As a physical chemist that works on enzymes I think your chart potentially elucidates some of the mechanisms by which tobacco fermentation occurs. The narrow peak around 170 or 180 looks to me like a the temperature regime for optimizing a single particular fermentation pathway (i.e. a particular set of enzymes working together to change how the tobacco tastes), while the broader peak to the right looks like it could be facilitating fermentation via a variety of competing mechanisms, hence why this peak is significantly less localized.

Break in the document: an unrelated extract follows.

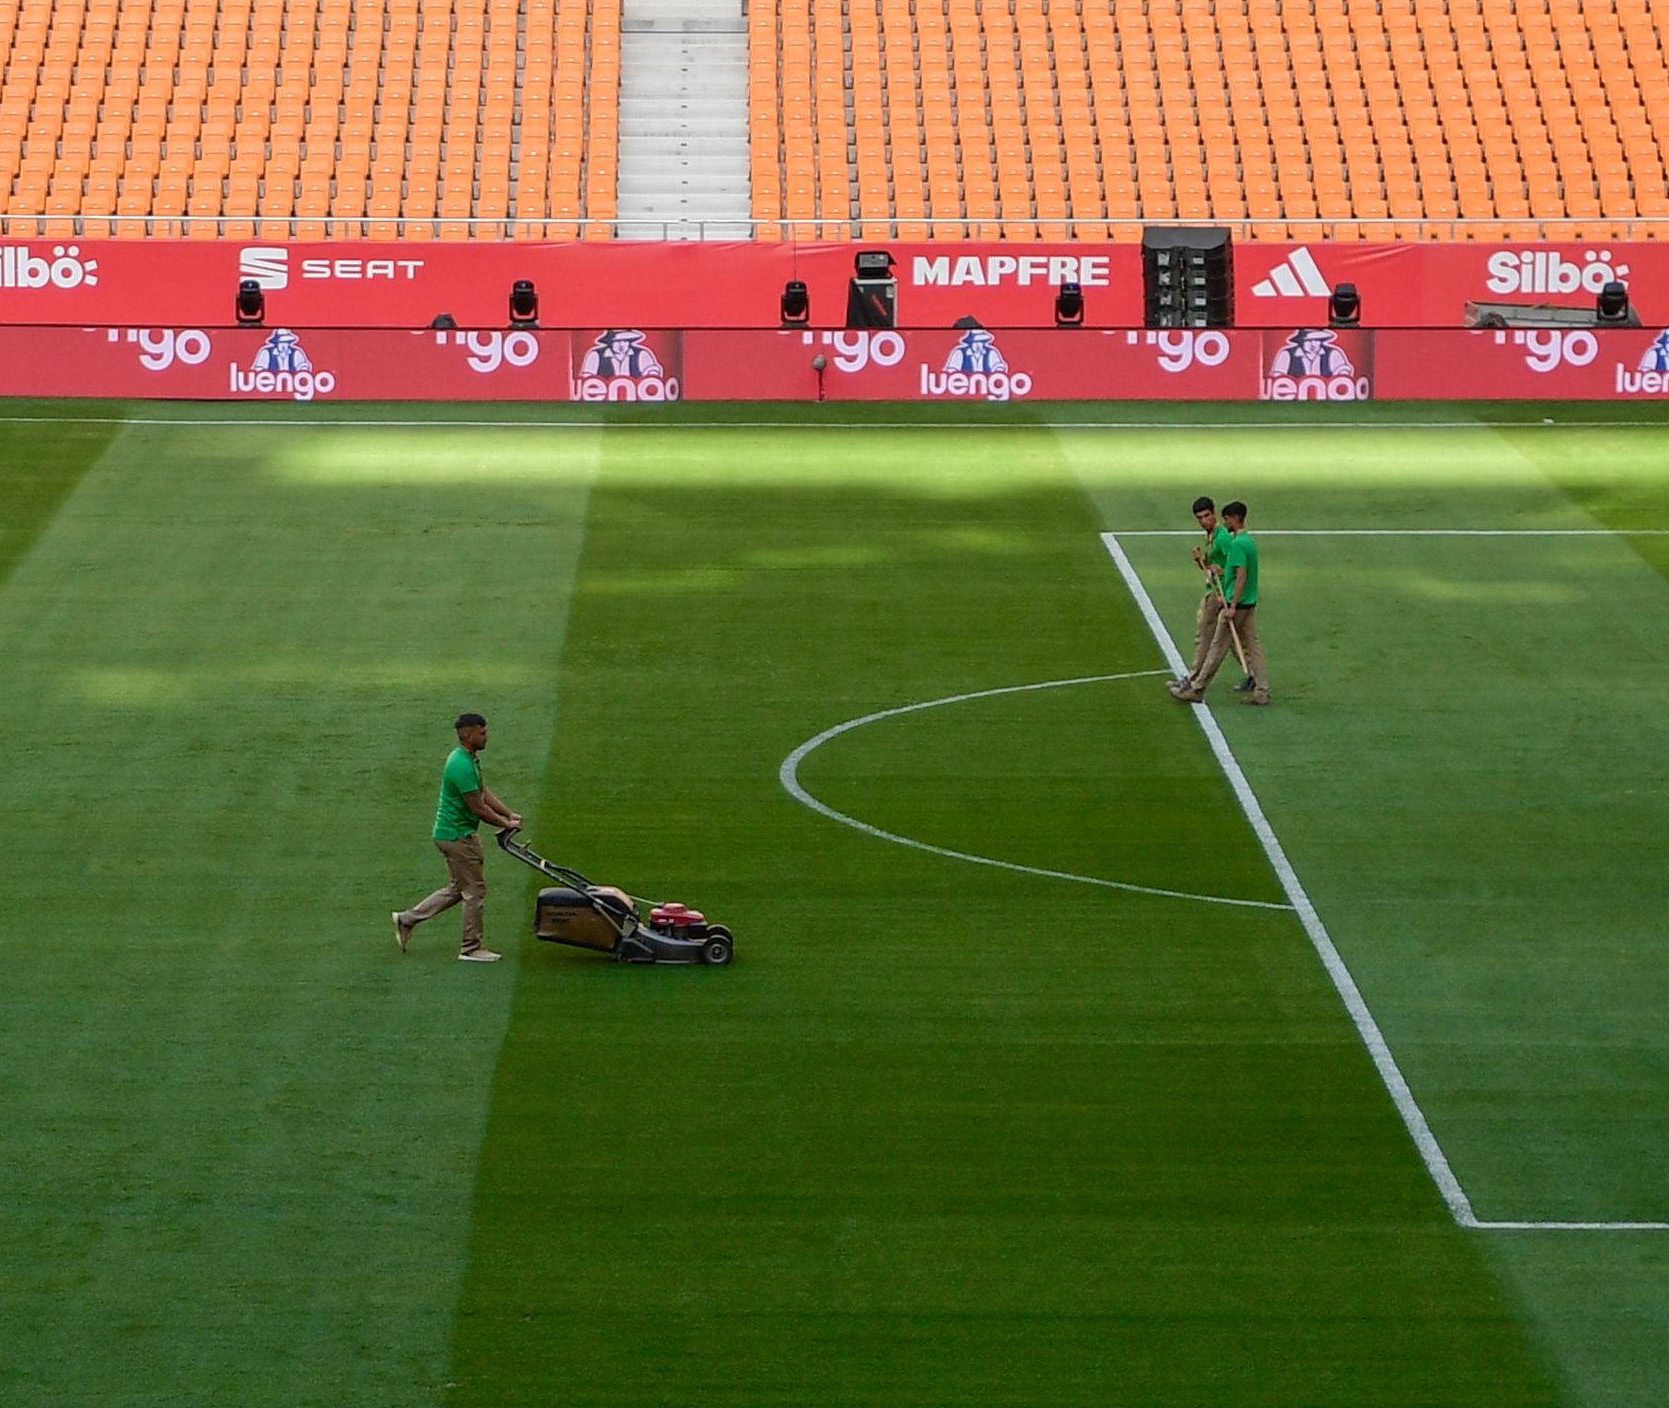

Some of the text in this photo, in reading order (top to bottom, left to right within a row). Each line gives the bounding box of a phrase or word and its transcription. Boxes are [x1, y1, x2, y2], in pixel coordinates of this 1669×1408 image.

[301, 259, 425, 279] SEAT
[912, 255, 1111, 286] MAPFRE
[229, 362, 335, 400] luengo
[920, 365, 1032, 400] luengo

I'd bet that baking your tobacco at 190 would yield a highly homogenous product, while baking at temperatures between 300 and 500 would all yield a gradient of different products (which may be difficult to replicate if your heated environment is prone to temperature fluctuations). It could be that 190 is targeted because of the desire for homogeneity in commercial tobacco (and this is clearly the most efficient process, which means spending less money on heat), or the flavors imparted by the higher temperature processes are undesirable.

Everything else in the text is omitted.